Debt-ceiling plans face CBO fire: Does either cut as much as promised?

Added to the political question of whether either one of the competing debt-limit plans can pass Congress is a practical question from the nonpartisan CBO: How much will they cut the deficit?

July 27, 2011

Either one of the competing plans from Congress's top two leaders could help resolve a potential US debt crisis. But now the question is if either one can overcome skepticism about whether it can pass and whether it will work.

One new hurdle comes from official government bean counters, who say reductions in future deficits won't be as big as advertised.

The nonpartisan Congressional Budget Office (CBO) said Wednesday that a plan from Senate majority leader Harry Reid (D) would cut federal deficits by about $2.2 trillion over 10 years – whereas Senator Reid earlier in the week had touted $2.7 trillion in savings.

A day earlier, the CBO said a rival plan pushed by House Speaker John Boehner (R) would reduce deficits by $850 billion over the next decade, compared with Mr.
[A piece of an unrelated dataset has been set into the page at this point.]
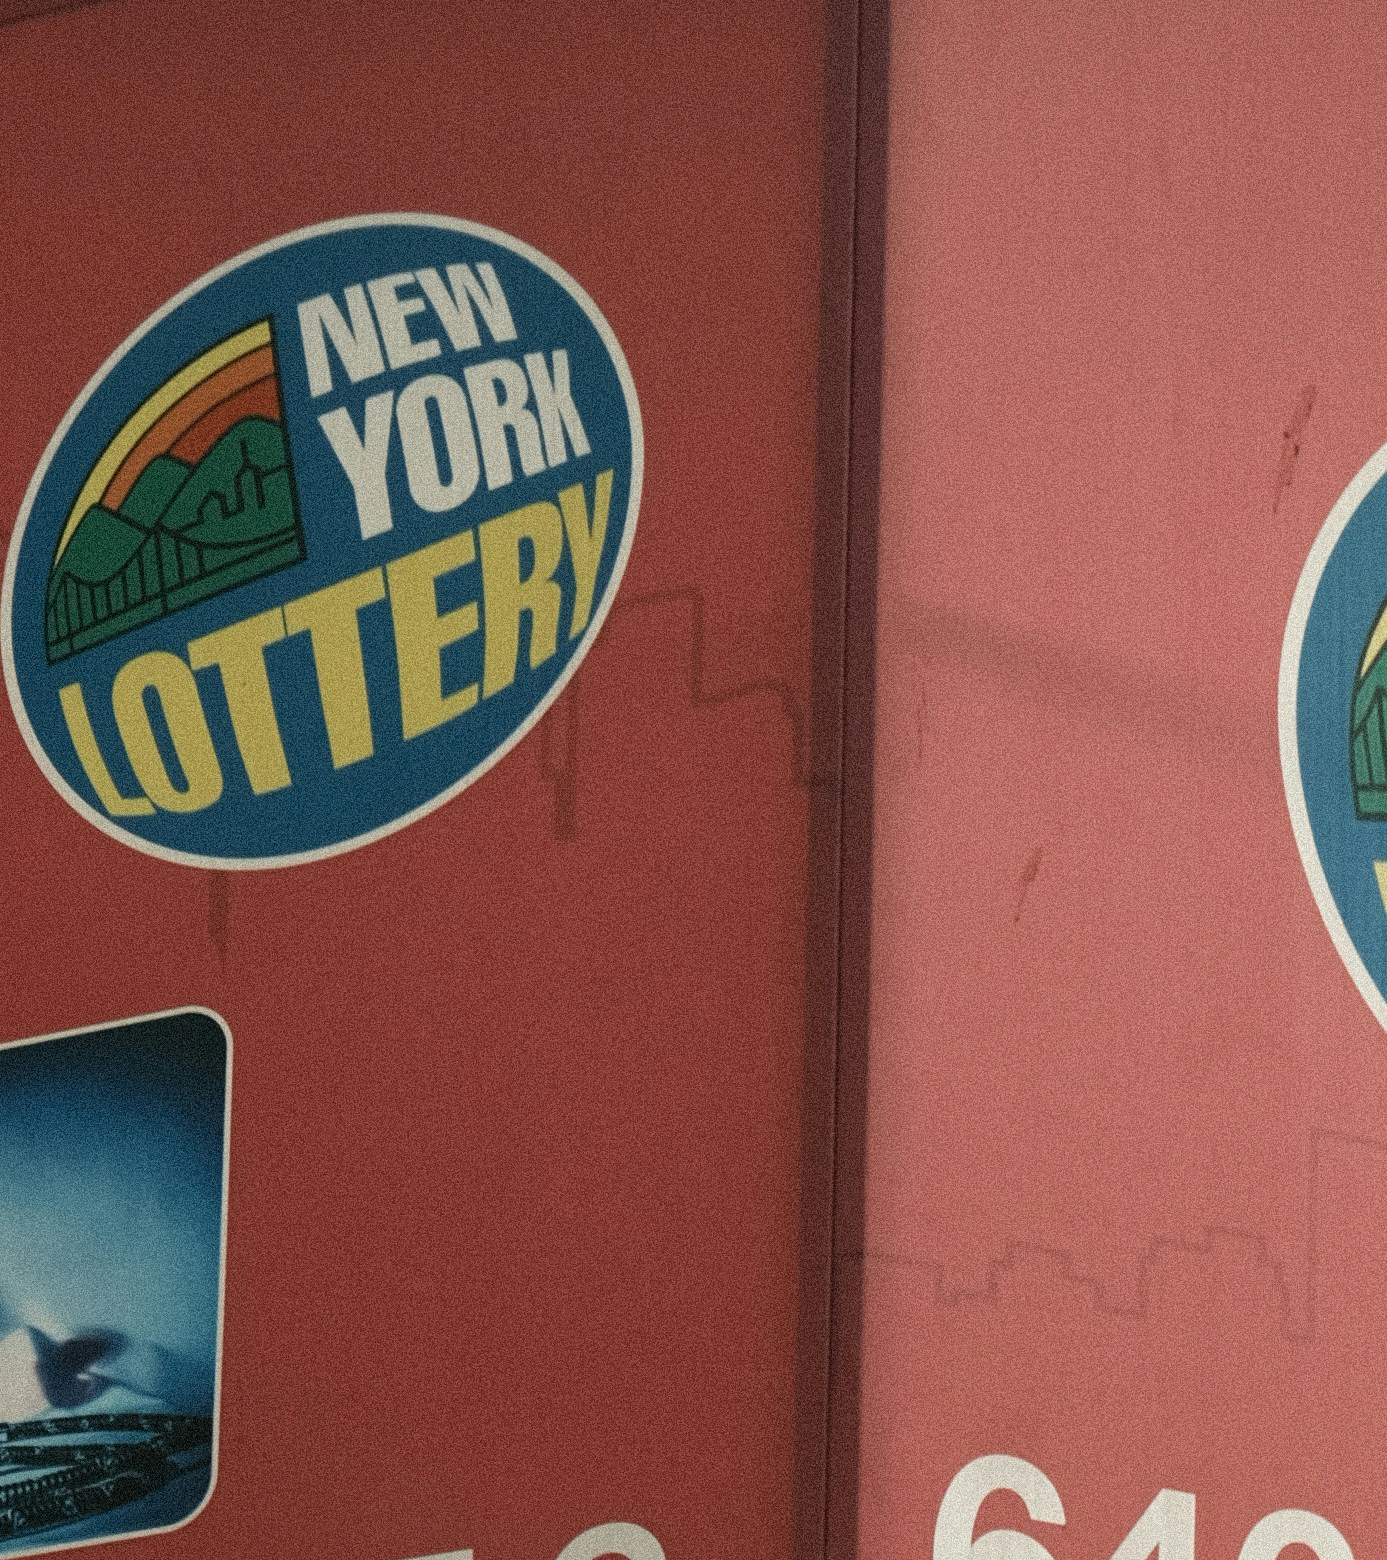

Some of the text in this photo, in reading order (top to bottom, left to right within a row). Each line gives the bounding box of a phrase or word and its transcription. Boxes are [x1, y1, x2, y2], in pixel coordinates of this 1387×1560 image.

[297, 260, 513, 400] NEW
[318, 349, 592, 544] YORK
[56, 470, 615, 820] LOTTERY
Boehner's initial announcement that the plan specifies $1.2 trillion in budget savings over that time.

The news helped push Boehner back to his drawing board to revise his plan in a bid to gather needed support from his own party.

Some Republicans are rebuffing Boehner's plan, arguing that neither the House speaker nor Reid is cutting federal spending enough to restore fiscal health. On the other side, many Democrats want to reduce future deficits partly through increased tax revenues – a goal that Boehner rejects and that Reid has abandoned as impractical.
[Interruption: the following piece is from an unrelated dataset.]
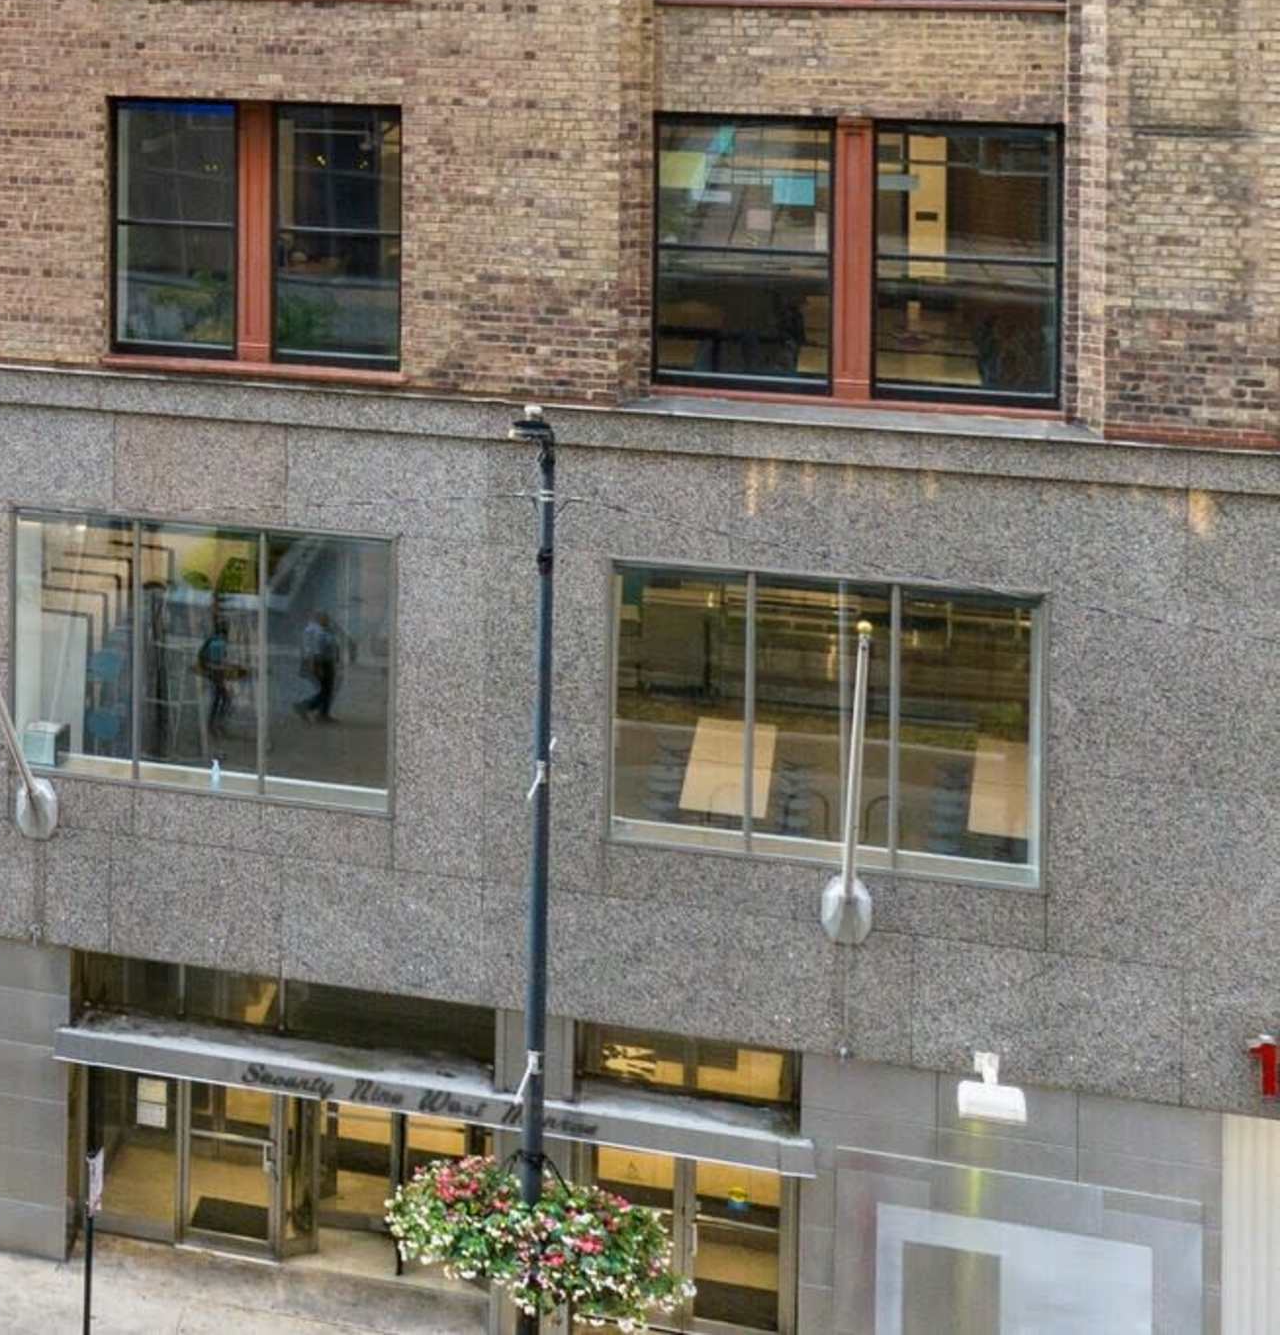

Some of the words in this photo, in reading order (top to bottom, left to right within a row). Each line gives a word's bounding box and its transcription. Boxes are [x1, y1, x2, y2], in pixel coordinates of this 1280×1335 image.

[349, 1077, 404, 1106] Nine
[418, 1088, 485, 1118] West
[500, 1104, 598, 1137] Mnroe
In many ways, the two plans are similar, but one key difference has opened another major rift within Congress. Republicans are ready to embrace Boehner's idea of addressing the debt problem in a two-step process, while Democrats want to vote on the issue only once before the 2012 elections, as Reid's plan calls for.

Despite all the disagreement, and the CBO's scrutiny, pressure is rising for both sides to find common ground and bring the issue to a conclusion. The US Treasury has warned that unless Congress votes to raise the current cap on federal borrowing by Aug. 2 (a vote lawmakers are linking to the deficit-cutting plans), the government will be unable to pay all its bills.

A default on US Treasury debt would be possible, and the downgrading of America's credit score all but assured, with negative consequences for interest rates and the economy.

In a closed-door meeting Wednesday, Boehner lobbied fellow Republican lawmakers in the House to support his plan.

An editorial in The Wall Street Journal echoed the speaker's case. "What none of these [Republican] critics have is an alternative strategy for achieving anything nearly as fiscally or politically beneficial as Mr. Boehner's plan," the conservative editorial page pronounced.

Backers argue that the Boehner plan would lead to more rigorous pressure to restrain federal spending than the Reid plan.

Many analysts now see one of these competing plans, or some new hybrid of the two, as the most likely way to resolve the debt impasse by Aug. 2.

For his part, Reid responded to the CBO news Wednesday with a positive spin, saying it shows that "the Senate draft bill achieves $1.3 trillion more in deficit reduction than the Boehner plan."

But an analysis by the Committee for a Responsible Federal Budget, an independent organization focused on fiscal discpline, sees the two plans as "more similar than they are different."

Both plans called for $1.2 trillion in discretionary spending cuts to be determined up front, and neither calls for higher taxes. Both would put in place a process designed to help additional budget savings occur despite the partisan divides that often contribute to gridlock.

Boehner has said his proposal would result in $3 trillion total deficit reduction over the decade, as the initial cuts are followed by additional spending restraint via a special process this fall.

Although Reid's plan offers a one-step path toward raising the nation's debt limit, his plan also involves deciding on additional spending cuts later this year.

Both plans envision a bipartisan group of 12 lawmakers to map out the later spending cuts.

One important difference relates to enforcement. Boehner's plan would make a future rise in the debt limit contingent on further moves to reduce future deficits by $1.6 trillion, while the Reid plan lacks such a mechanism to ensure that the intended savings actually occur.

The Committee for a Responsible Federal Budget argues that the ideal approach for getting public debt under control over the next decade would be to set a specific target for the ratio of national debt to the size of the overall economy, to ensure that legislation actually achieves the goal of stabilizing and reducing US debt.

Even if one of the two plans, Boehner's or Reid's, reaches President Obama for his signature, major uncertainties about America's fiscal future will remain.

Neither plan offers concrete ideas on how to tame the rising cost of health-care programs, mend Social Security, or reform the nation's complex tax system.